** Opening Extracted entries block **

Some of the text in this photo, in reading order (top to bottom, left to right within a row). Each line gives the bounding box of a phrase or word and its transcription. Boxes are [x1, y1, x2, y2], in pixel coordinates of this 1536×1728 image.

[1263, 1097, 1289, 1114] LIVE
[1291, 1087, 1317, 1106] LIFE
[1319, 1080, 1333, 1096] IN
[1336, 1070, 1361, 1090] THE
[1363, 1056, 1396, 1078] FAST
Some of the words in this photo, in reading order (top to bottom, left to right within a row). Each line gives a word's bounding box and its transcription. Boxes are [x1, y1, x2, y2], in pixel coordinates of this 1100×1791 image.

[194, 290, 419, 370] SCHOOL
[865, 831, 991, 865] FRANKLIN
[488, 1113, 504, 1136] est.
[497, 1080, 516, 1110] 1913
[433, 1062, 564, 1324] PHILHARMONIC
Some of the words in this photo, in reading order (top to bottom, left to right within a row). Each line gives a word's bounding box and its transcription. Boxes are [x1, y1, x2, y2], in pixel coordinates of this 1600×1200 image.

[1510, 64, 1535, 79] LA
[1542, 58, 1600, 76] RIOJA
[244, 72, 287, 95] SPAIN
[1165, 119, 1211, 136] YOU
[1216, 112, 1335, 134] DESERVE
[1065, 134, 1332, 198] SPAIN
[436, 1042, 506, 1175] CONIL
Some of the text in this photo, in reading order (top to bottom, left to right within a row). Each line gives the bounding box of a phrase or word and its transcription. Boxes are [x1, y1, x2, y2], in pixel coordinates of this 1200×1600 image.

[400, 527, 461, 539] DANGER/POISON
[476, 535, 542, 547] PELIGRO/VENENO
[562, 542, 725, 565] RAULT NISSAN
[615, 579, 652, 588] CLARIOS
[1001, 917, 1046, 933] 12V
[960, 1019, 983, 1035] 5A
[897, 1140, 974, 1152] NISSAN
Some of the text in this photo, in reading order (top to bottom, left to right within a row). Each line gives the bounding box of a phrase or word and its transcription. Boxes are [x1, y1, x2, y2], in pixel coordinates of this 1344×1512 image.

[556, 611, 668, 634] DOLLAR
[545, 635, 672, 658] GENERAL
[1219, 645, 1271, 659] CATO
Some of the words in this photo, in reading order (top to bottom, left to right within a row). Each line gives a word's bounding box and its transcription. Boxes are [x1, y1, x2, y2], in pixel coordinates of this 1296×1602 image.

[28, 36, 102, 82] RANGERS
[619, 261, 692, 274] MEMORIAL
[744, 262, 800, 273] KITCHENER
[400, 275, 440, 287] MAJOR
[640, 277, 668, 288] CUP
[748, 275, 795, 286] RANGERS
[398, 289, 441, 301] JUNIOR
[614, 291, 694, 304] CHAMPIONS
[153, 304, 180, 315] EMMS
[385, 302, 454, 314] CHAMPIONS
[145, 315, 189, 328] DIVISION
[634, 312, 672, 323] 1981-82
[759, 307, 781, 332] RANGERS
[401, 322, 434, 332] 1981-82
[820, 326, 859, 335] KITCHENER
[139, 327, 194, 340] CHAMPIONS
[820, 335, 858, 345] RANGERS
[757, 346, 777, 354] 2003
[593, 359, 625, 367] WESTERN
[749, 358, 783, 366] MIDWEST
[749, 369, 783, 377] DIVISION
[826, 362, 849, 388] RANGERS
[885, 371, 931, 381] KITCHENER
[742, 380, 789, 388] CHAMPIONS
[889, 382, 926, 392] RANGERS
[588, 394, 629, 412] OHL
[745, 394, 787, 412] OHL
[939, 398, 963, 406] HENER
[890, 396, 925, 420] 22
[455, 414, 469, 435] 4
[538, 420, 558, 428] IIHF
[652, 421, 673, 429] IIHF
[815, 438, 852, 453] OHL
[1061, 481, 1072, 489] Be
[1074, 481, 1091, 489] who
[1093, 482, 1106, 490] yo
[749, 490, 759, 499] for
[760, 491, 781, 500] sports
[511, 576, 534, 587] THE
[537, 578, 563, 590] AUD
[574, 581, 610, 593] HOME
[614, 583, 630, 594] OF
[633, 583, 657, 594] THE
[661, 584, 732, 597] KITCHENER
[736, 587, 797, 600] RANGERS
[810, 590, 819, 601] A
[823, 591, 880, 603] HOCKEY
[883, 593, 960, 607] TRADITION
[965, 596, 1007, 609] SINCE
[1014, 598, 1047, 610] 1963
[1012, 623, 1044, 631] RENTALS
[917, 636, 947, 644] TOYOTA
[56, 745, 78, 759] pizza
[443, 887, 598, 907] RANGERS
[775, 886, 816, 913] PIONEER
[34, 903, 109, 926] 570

** Closing Extracted entries block **

**The problem:** Each entry needs to be copied out exactly as written.

**Exercise solution:**
Some of the text in this photo, in reading order (top to bottom, left to right within a row). Each line gives the bounding box of a phrase or word and its transcription. Boxes are [x1, y1, x2, y2], in pixel coordinates of this 1536×1728 image.

[1263, 1097, 1289, 1114] LIVE
[1291, 1087, 1317, 1106] LIFE
[1319, 1080, 1333, 1096] IN
[1336, 1070, 1361, 1090] THE
[1363, 1056, 1396, 1078] FAST
Some of the words in this photo, in reading order (top to bottom, left to right within a row). Each line gives a word's bounding box and its transcription. Boxes are [x1, y1, x2, y2], in pixel coordinates of this 1100×1791 image.

[194, 290, 419, 370] SCHOOL
[865, 831, 991, 865] FRANKLIN
[488, 1113, 504, 1136] est.
[497, 1080, 516, 1110] 1913
[433, 1062, 564, 1324] PHILHARMONIC
Some of the words in this photo, in reading order (top to bottom, left to right within a row). Each line gives a word's bounding box and its transcription. Boxes are [x1, y1, x2, y2], in pixel coordinates of this 1600×1200 image.

[1510, 64, 1535, 79] LA
[1542, 58, 1600, 76] RIOJA
[244, 72, 287, 95] SPAIN
[1165, 119, 1211, 136] YOU
[1216, 112, 1335, 134] DESERVE
[1065, 134, 1332, 198] SPAIN
[436, 1042, 506, 1175] CONIL
Some of the text in this photo, in reading order (top to bottom, left to right within a row). Each line gives the bounding box of a phrase or word and its transcription. Boxes are [x1, y1, x2, y2], in pixel coordinates of this 1200×1600 image.

[400, 527, 461, 539] DANGER/POISON
[476, 535, 542, 547] PELIGRO/VENENO
[562, 542, 725, 565] RAULT NISSAN
[615, 579, 652, 588] CLARIOS
[1001, 917, 1046, 933] 12V
[960, 1019, 983, 1035] 5A
[897, 1140, 974, 1152] NISSAN
Some of the text in this photo, in reading order (top to bottom, left to right within a row). Each line gives the bounding box of a phrase or word and its transcription. Boxes are [x1, y1, x2, y2], in pixel coordinates of this 1344×1512 image.

[556, 611, 668, 634] DOLLAR
[545, 635, 672, 658] GENERAL
[1219, 645, 1271, 659] CATO
Some of the words in this photo, in reading order (top to bottom, left to right within a row). Each line gives a word's bounding box and its transcription. Boxes are [x1, y1, x2, y2], in pixel coordinates of this 1296×1602 image.

[28, 36, 102, 82] RANGERS
[619, 261, 692, 274] MEMORIAL
[744, 262, 800, 273] KITCHENER
[400, 275, 440, 287] MAJOR
[640, 277, 668, 288] CUP
[748, 275, 795, 286] RANGERS
[398, 289, 441, 301] JUNIOR
[614, 291, 694, 304] CHAMPIONS
[153, 304, 180, 315] EMMS
[385, 302, 454, 314] CHAMPIONS
[145, 315, 189, 328] DIVISION
[634, 312, 672, 323] 1981-82
[759, 307, 781, 332] RANGERS
[401, 322, 434, 332] 1981-82
[820, 326, 859, 335] KITCHENER
[139, 327, 194, 340] CHAMPIONS
[820, 335, 858, 345] RANGERS
[757, 346, 777, 354] 2003
[593, 359, 625, 367] WESTERN
[749, 358, 783, 366] MIDWEST
[749, 369, 783, 377] DIVISION
[826, 362, 849, 388] RANGERS
[885, 371, 931, 381] KITCHENER
[742, 380, 789, 388] CHAMPIONS
[889, 382, 926, 392] RANGERS
[588, 394, 629, 412] OHL
[745, 394, 787, 412] OHL
[939, 398, 963, 406] HENER
[890, 396, 925, 420] 22
[455, 414, 469, 435] 4
[538, 420, 558, 428] IIHF
[652, 421, 673, 429] IIHF
[815, 438, 852, 453] OHL
[1061, 481, 1072, 489] Be
[1074, 481, 1091, 489] who
[1093, 482, 1106, 490] yo
[749, 490, 759, 499] for
[760, 491, 781, 500] sports
[511, 576, 534, 587] THE
[537, 578, 563, 590] AUD
[574, 581, 610, 593] HOME
[614, 583, 630, 594] OF
[633, 583, 657, 594] THE
[661, 584, 732, 597] KITCHENER
[736, 587, 797, 600] RANGERS
[810, 590, 819, 601] A
[823, 591, 880, 603] HOCKEY
[883, 593, 960, 607] TRADITION
[965, 596, 1007, 609] SINCE
[1014, 598, 1047, 610] 1963
[1012, 623, 1044, 631] RENTALS
[917, 636, 947, 644] TOYOTA
[56, 745, 78, 759] pizza
[443, 887, 598, 907] RANGERS
[775, 886, 816, 913] PIONEER
[34, 903, 109, 926] 570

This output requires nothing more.